Word for word, copy the lines from the one with "this 1536×1296 image." to the last line of the data below, counting both, and keep every picture out.

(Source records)
************
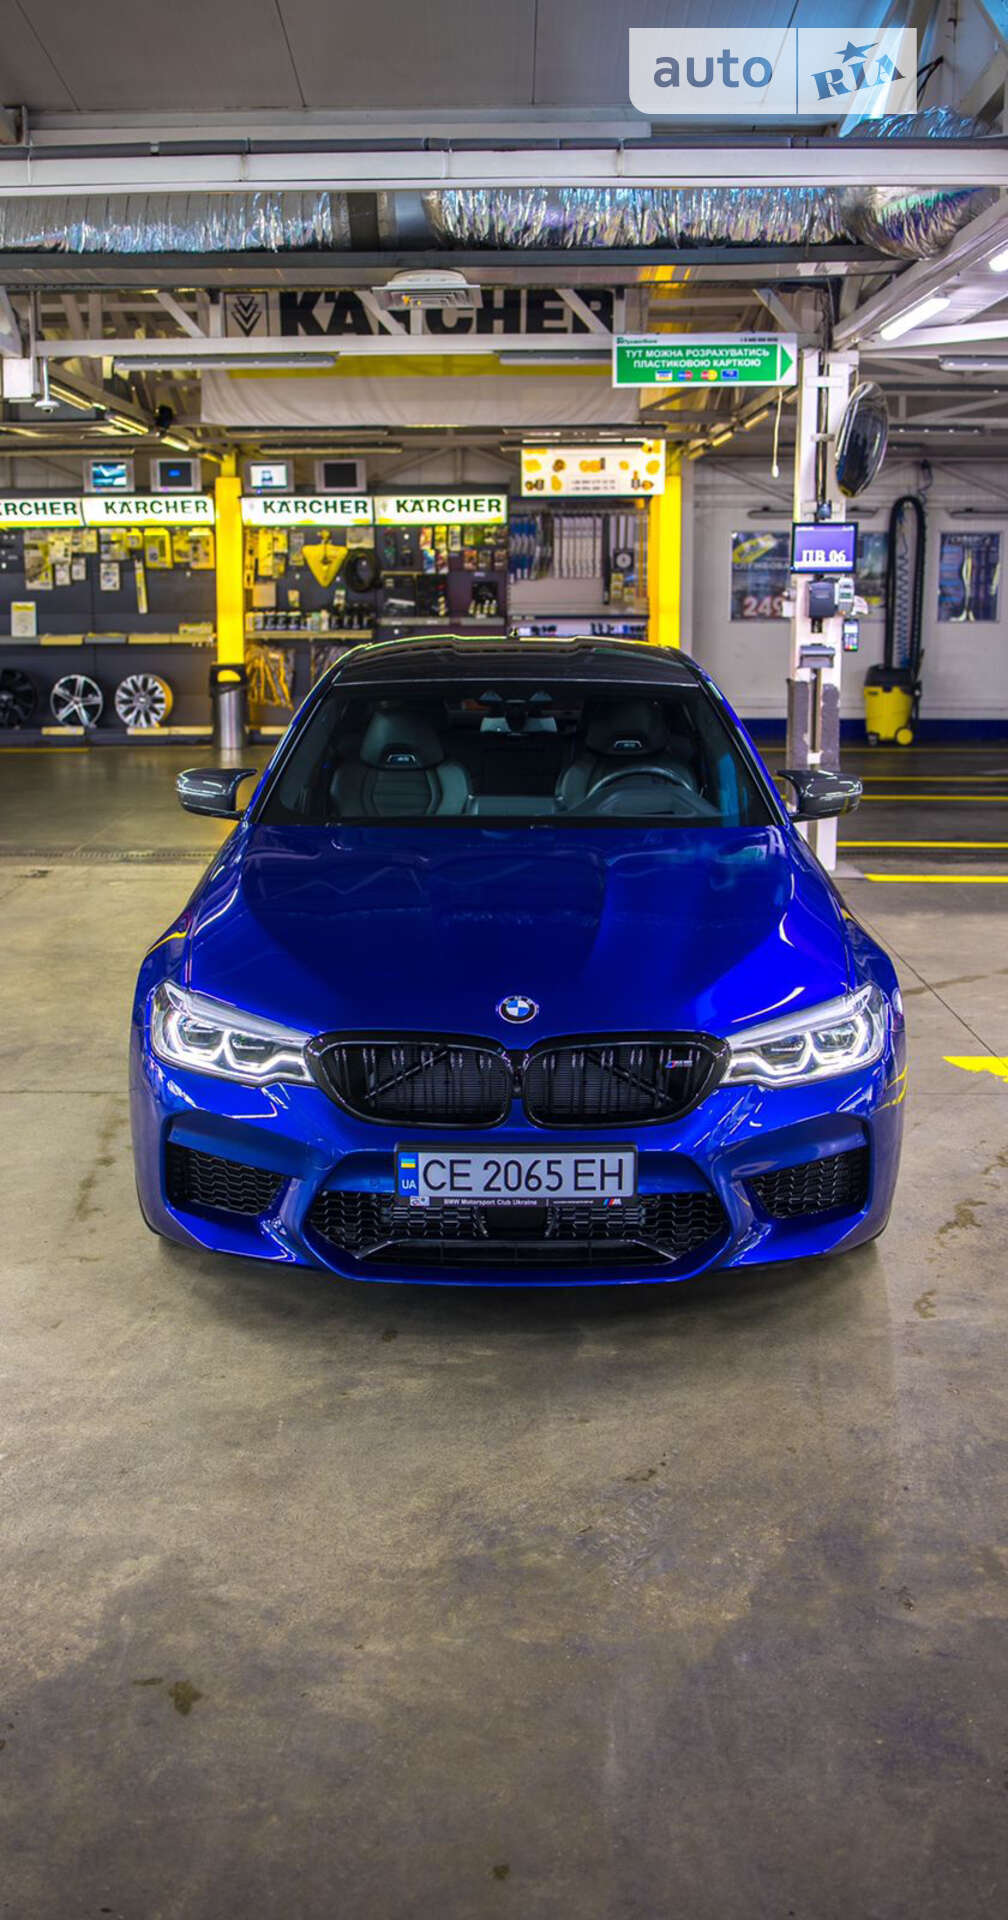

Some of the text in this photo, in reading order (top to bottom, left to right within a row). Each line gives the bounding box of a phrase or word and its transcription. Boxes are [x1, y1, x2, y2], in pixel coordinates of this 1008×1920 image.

[625, 348, 770, 359] ТУТ МОЖНА РОЗРАХУВАТИСЬ
[633, 358, 762, 368] ПЛАСТИКОВОЮ КАРТКОЮ
[0, 501, 78, 515] RCHER
[104, 500, 209, 514] KÄRCHER
[263, 499, 368, 514] KÄRCHER
[395, 498, 502, 513] KÄRCHER
[828, 549, 847, 562] 06
[422, 1158, 623, 1192] CE 2065 EH
[401, 1179, 417, 1190] UA
[443, 1198, 537, 1207] BMW Motorsport Club Ukraine
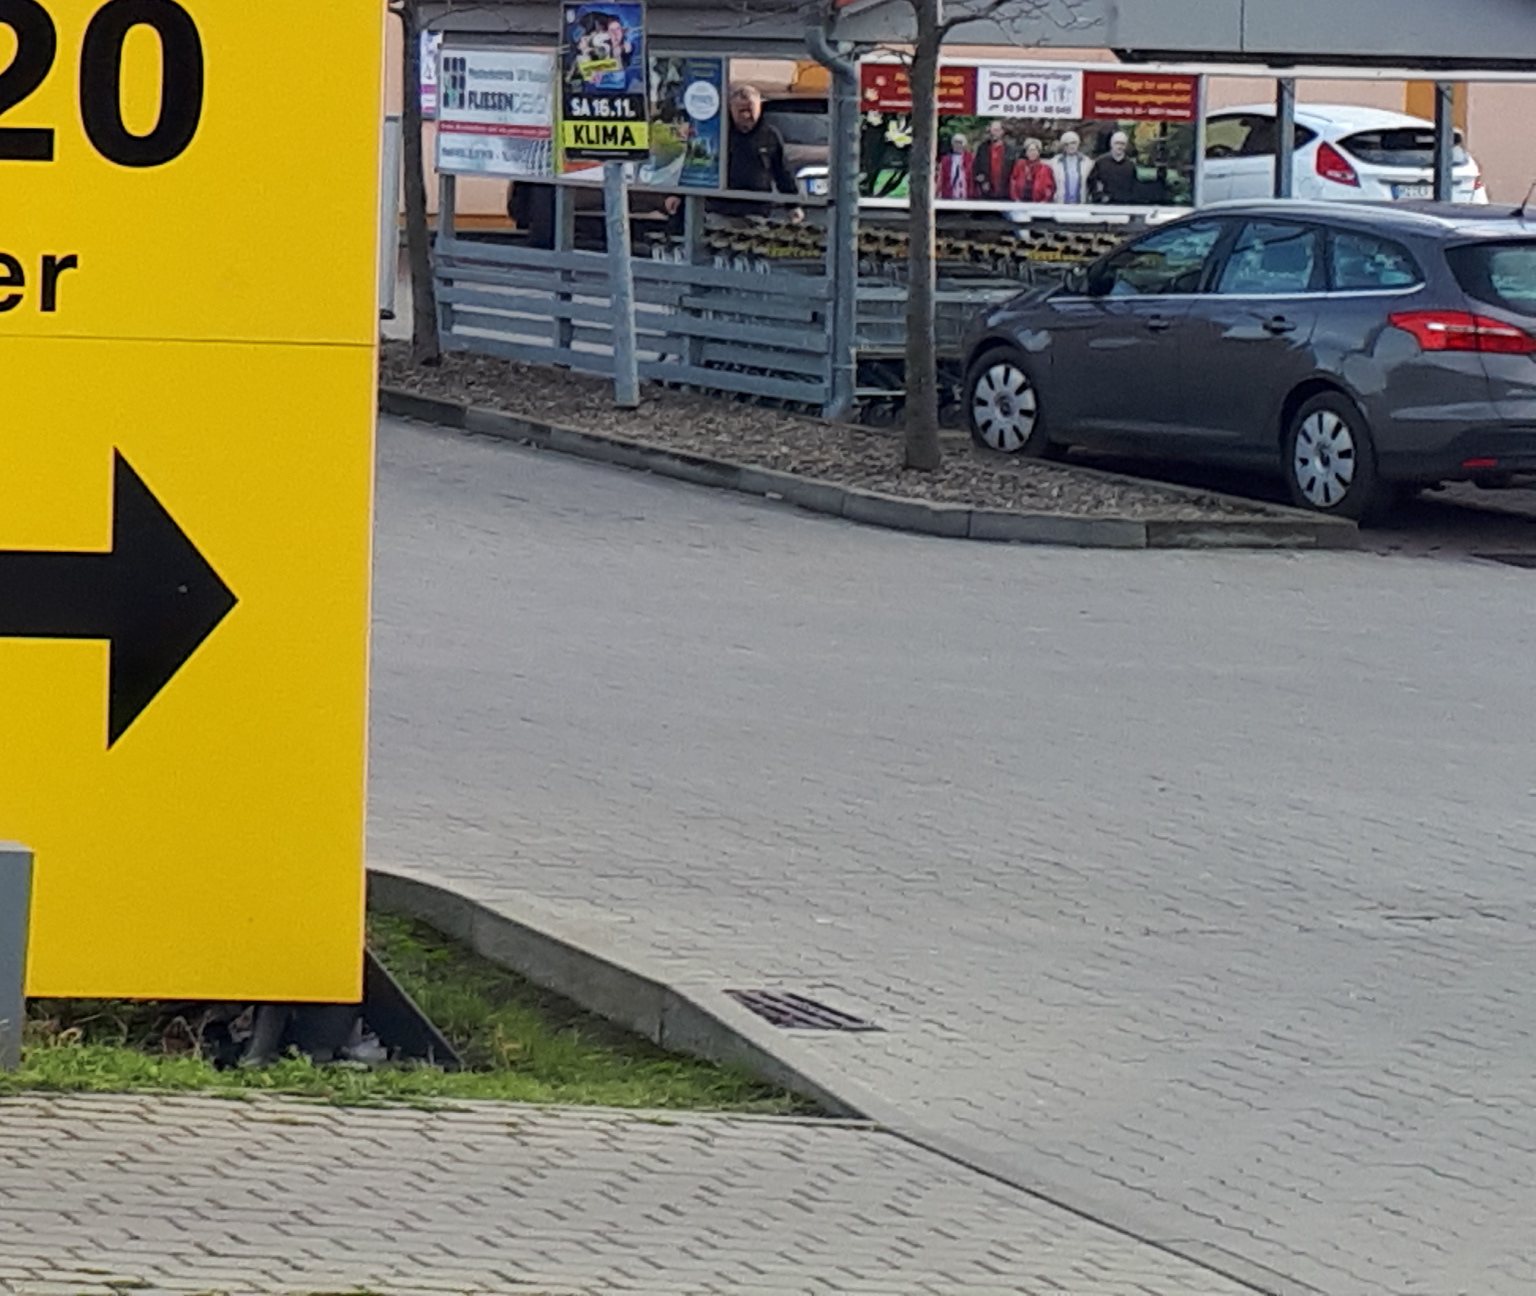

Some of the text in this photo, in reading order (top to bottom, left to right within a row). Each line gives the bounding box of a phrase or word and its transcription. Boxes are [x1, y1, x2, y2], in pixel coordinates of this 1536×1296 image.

[988, 81, 1048, 102] DORI
[571, 98, 636, 117] SA 16.11.
[573, 124, 636, 146] KLIMA
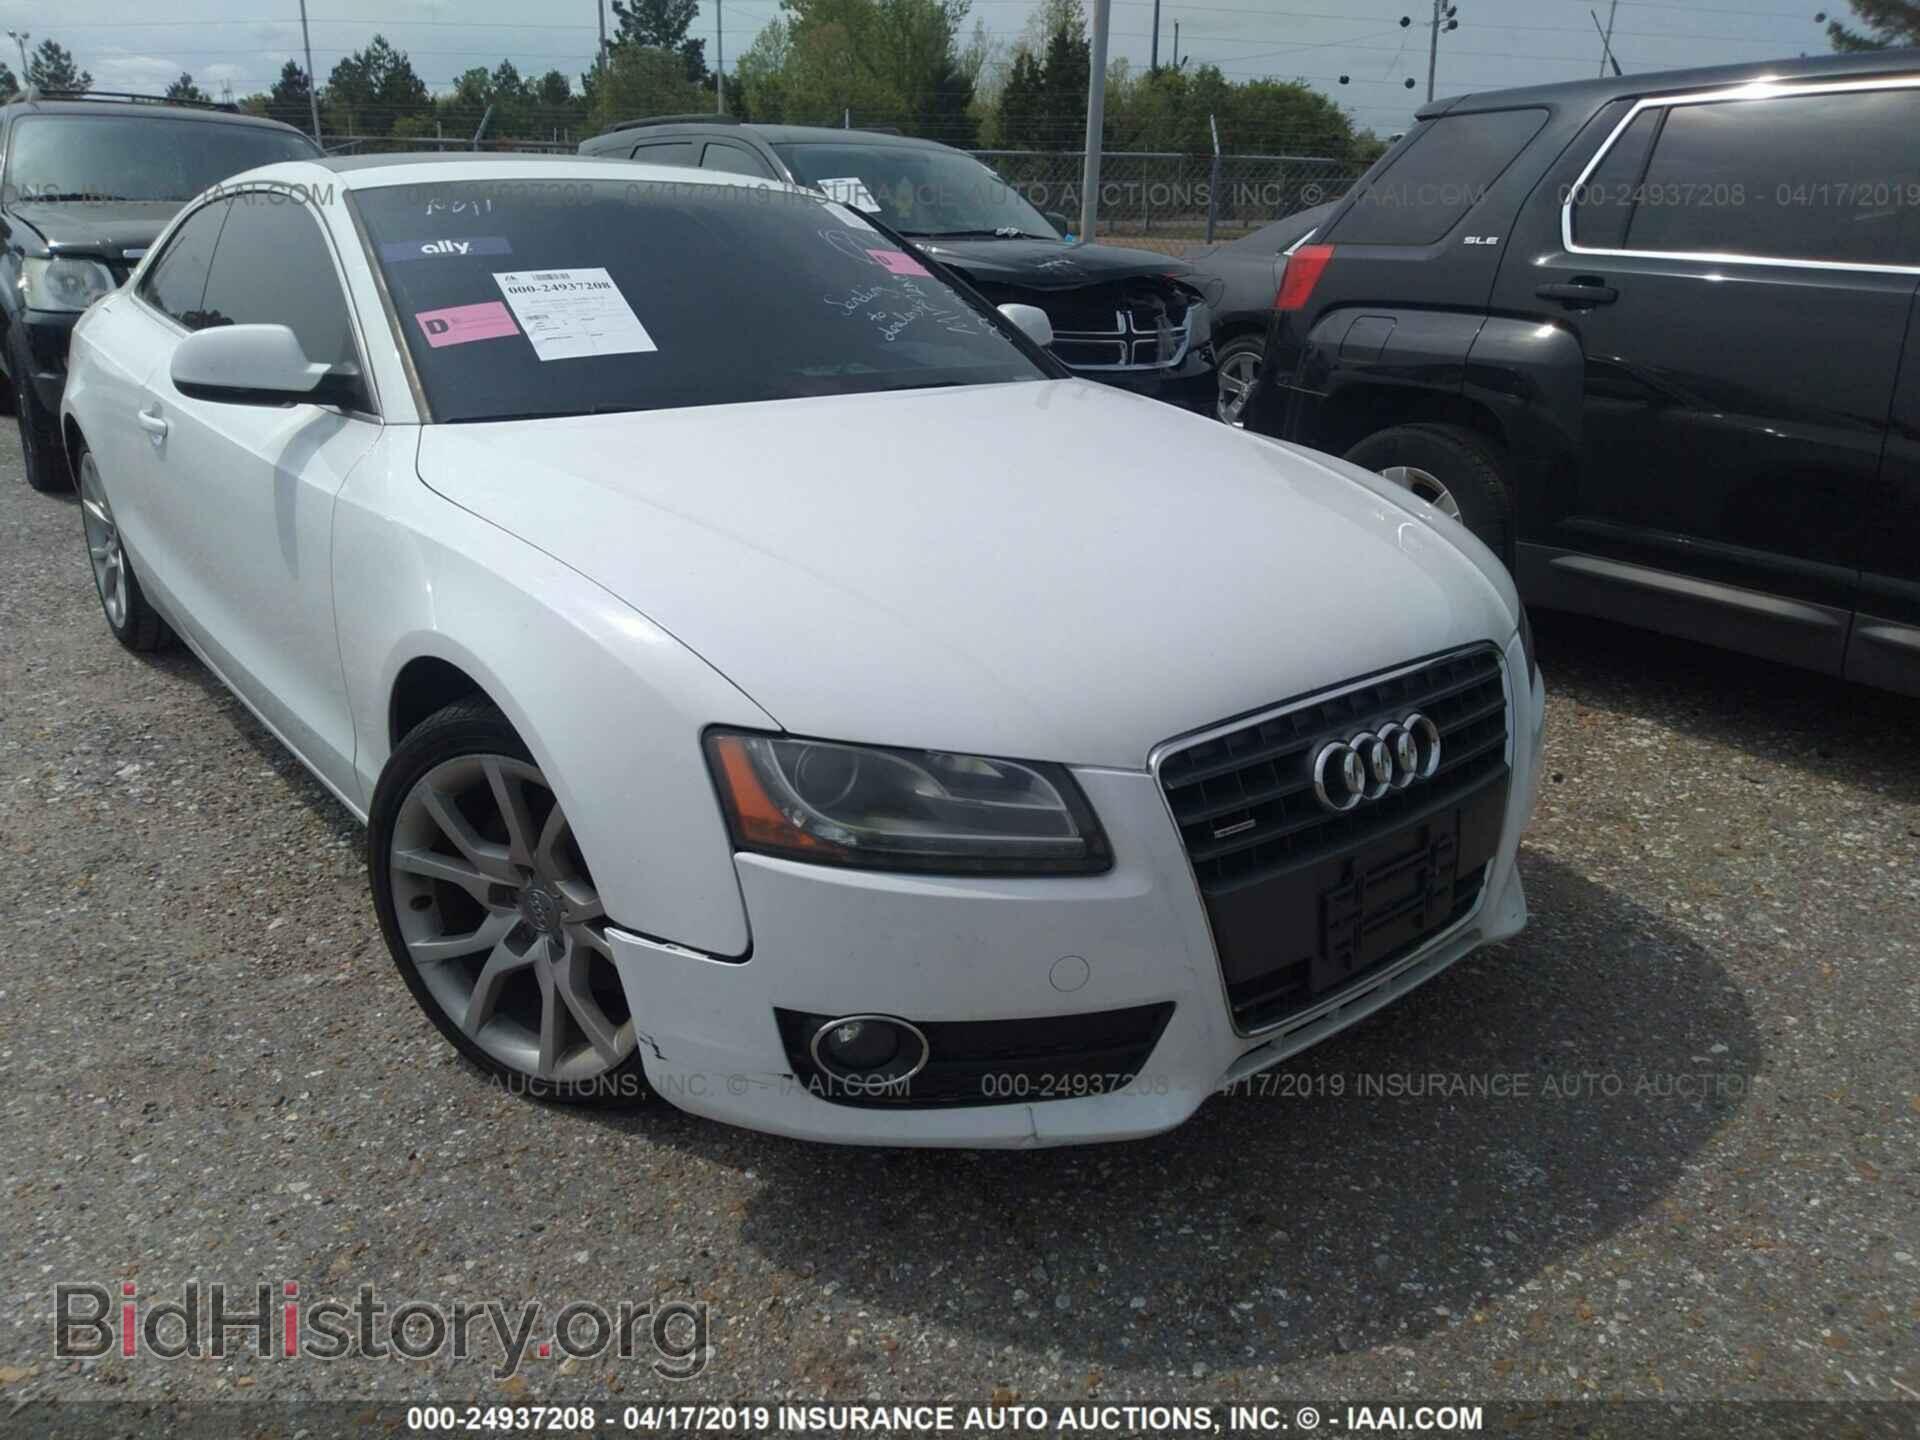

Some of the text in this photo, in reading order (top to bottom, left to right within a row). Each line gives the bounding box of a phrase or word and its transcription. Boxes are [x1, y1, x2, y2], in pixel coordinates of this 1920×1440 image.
************
:: EXERCISE RESPONSE ::
Some of the text in this photo, in reading order (top to bottom, left to right within a row). Each line gives the bounding box of a phrase or word and its transcription. Boxes are [x1, y1, x2, y2], in pixel coordinates of this 1536×1296 image.

[988, 81, 1048, 102] DORI
[571, 98, 636, 117] SA 16.11.
[573, 124, 636, 146] KLIMA

Some of the text in this photo, in reading order (top to bottom, left to right within a row). Each line gives the bounding box of a phrase or word and its transcription. Boxes are [x1, y1, x2, y2], in pixel coordinates of this 1920×1440 image.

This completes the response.